--- PROBLEM ---
Transcribe, with complete accuracy, all of the entries below except for the pictures.

--- DATASET EXTRACT ---
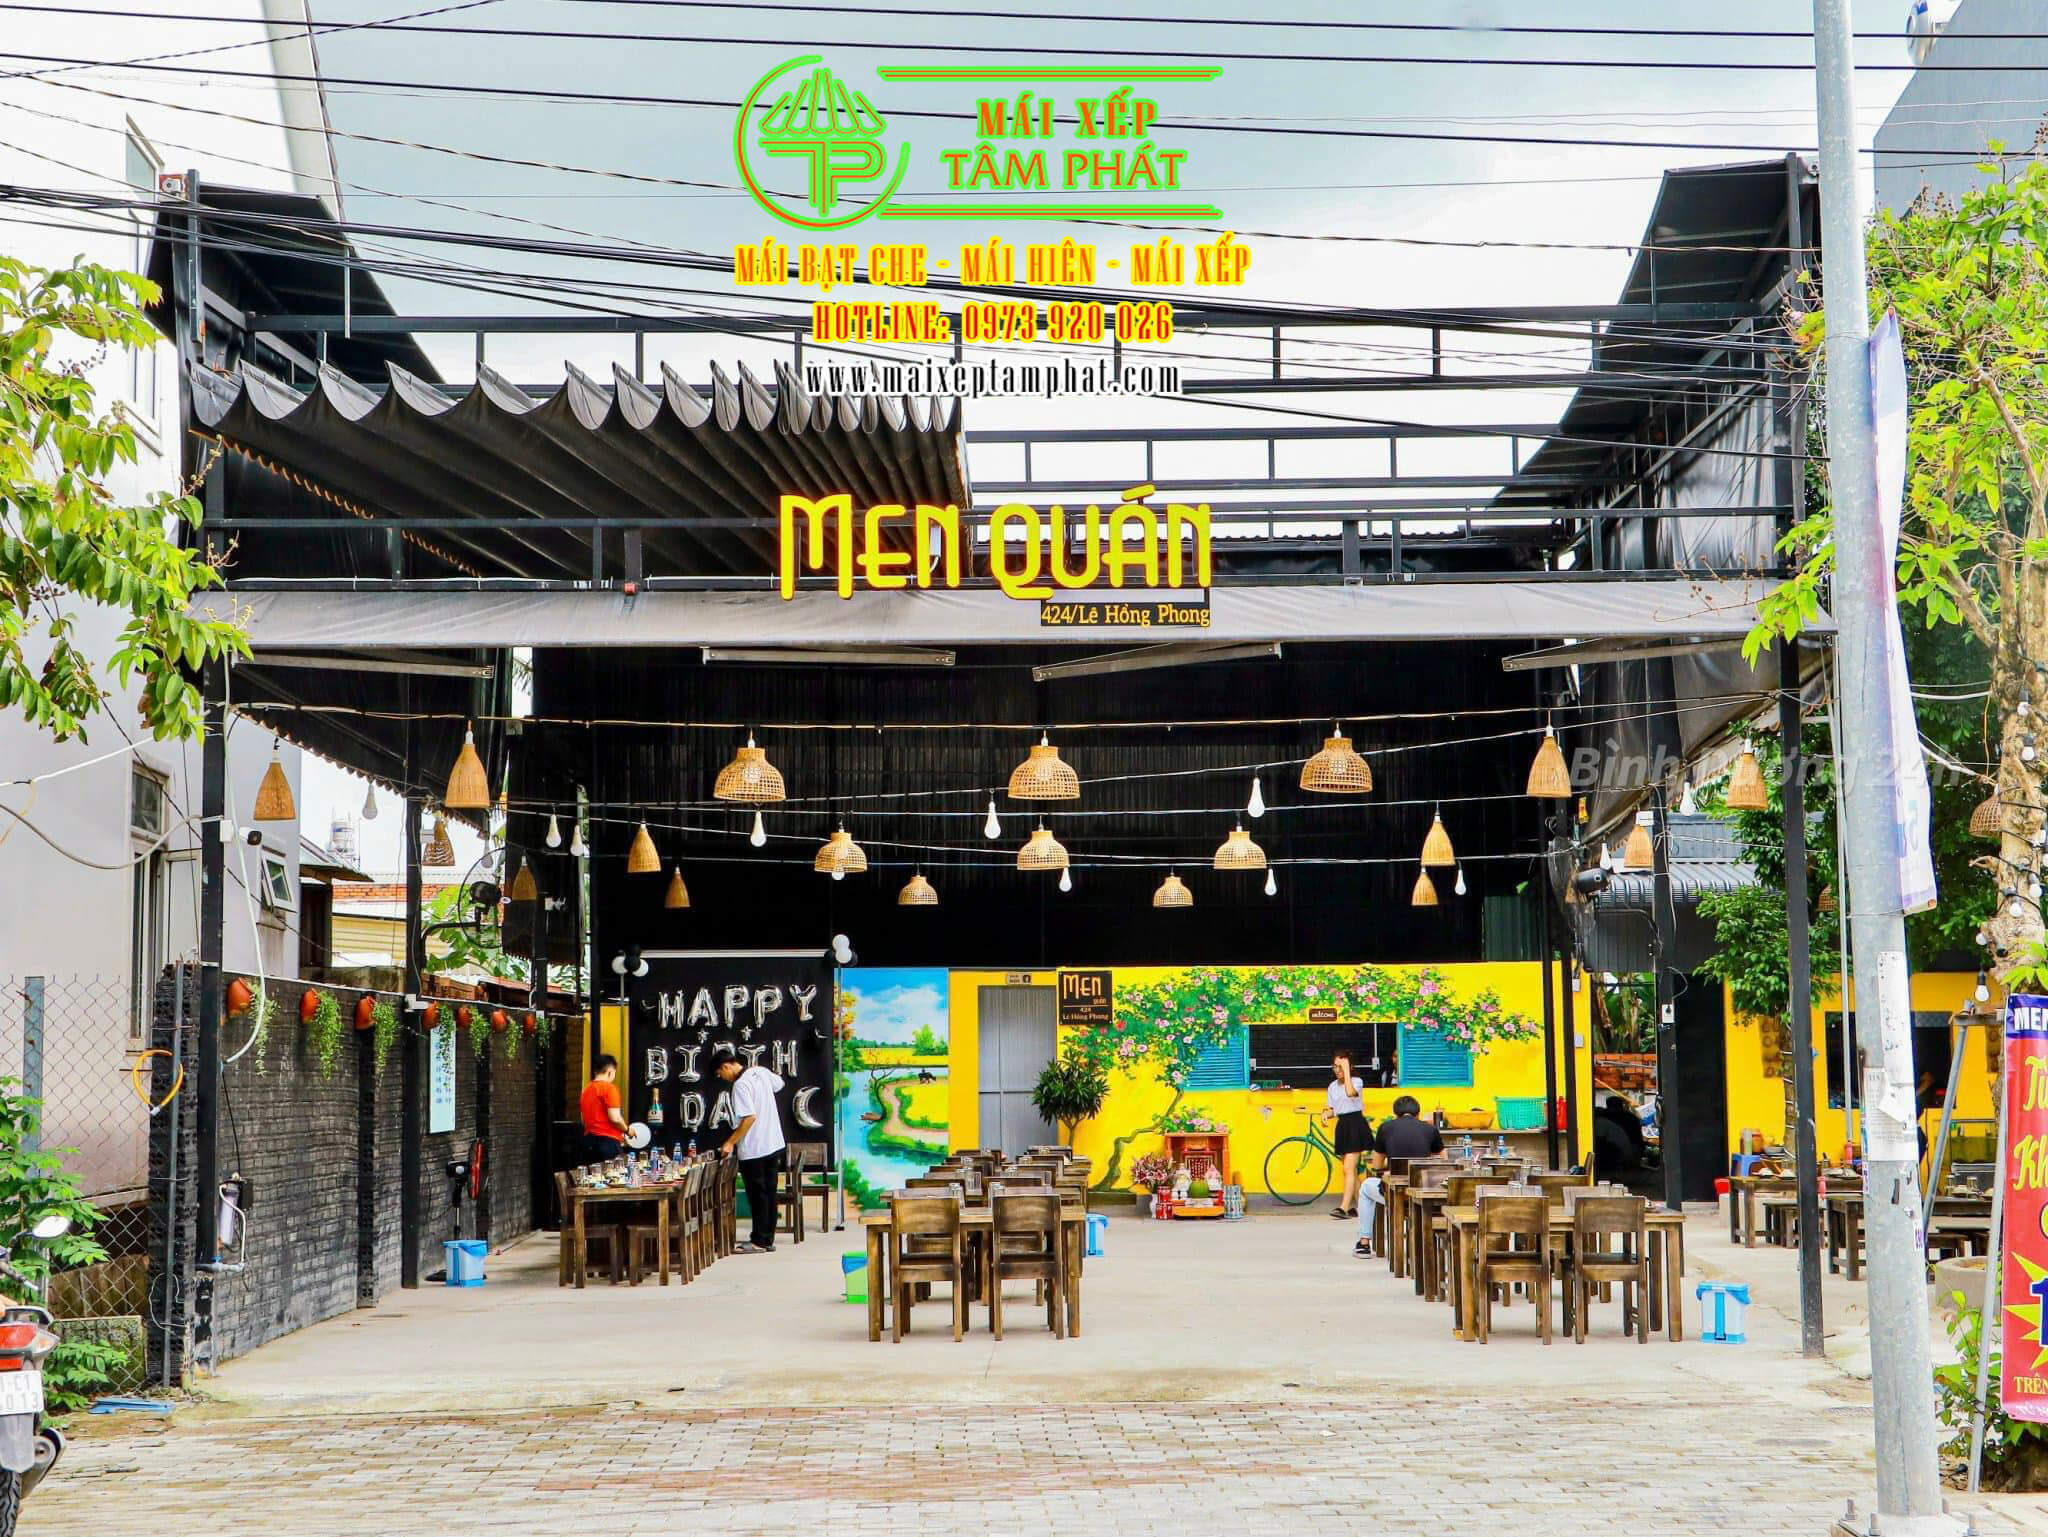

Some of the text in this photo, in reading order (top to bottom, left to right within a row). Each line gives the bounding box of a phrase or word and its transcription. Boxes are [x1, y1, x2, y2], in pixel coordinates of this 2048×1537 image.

[780, 484, 1212, 600] MEN QUÁN
[1041, 603, 1210, 627] 424/Lê Hồng Phong
[1063, 974, 1102, 999] MEN
[658, 984, 817, 1030] HAPPY
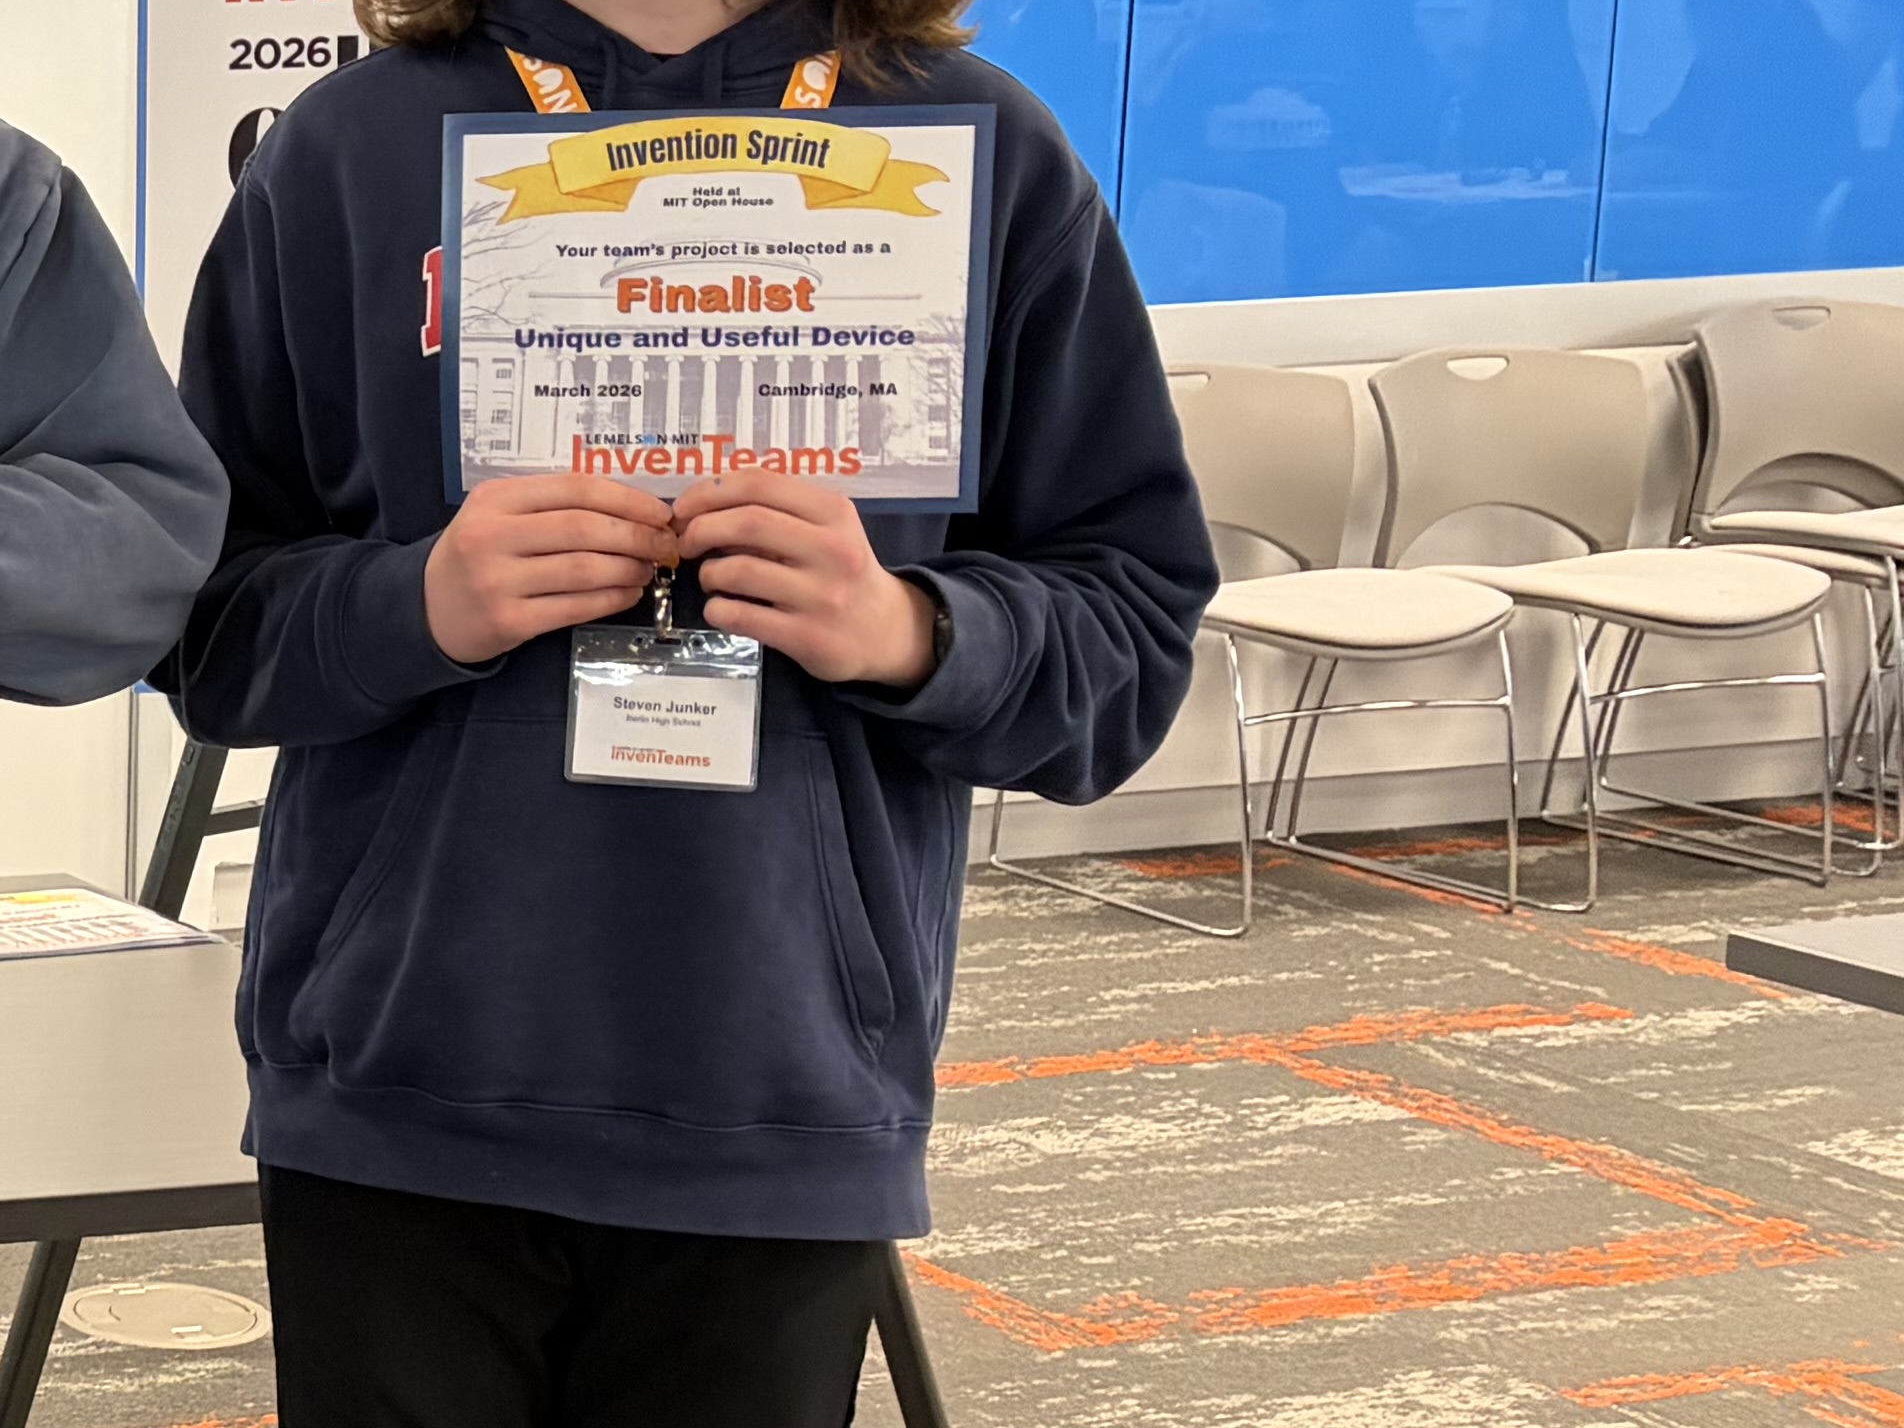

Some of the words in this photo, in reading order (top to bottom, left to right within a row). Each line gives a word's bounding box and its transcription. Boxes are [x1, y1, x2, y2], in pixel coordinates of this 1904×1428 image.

--- RESPONSE TO THE EXERCISE ---
Some of the text in this photo, in reading order (top to bottom, left to right within a row). Each line gives the bounding box of a phrase or word and its transcription. Boxes are [x1, y1, x2, y2], in pixel coordinates of this 2048×1537 image.

[780, 484, 1212, 600] MEN QUÁN
[1041, 603, 1210, 627] 424/Lê Hồng Phong
[1063, 974, 1102, 999] MEN
[658, 984, 817, 1030] HAPPY

Some of the words in this photo, in reading order (top to bottom, left to right within a row). Each line gives a word's bounding box and its transcription. Boxes are [x1, y1, x2, y2], in pixel coordinates of this 1904×1428 image.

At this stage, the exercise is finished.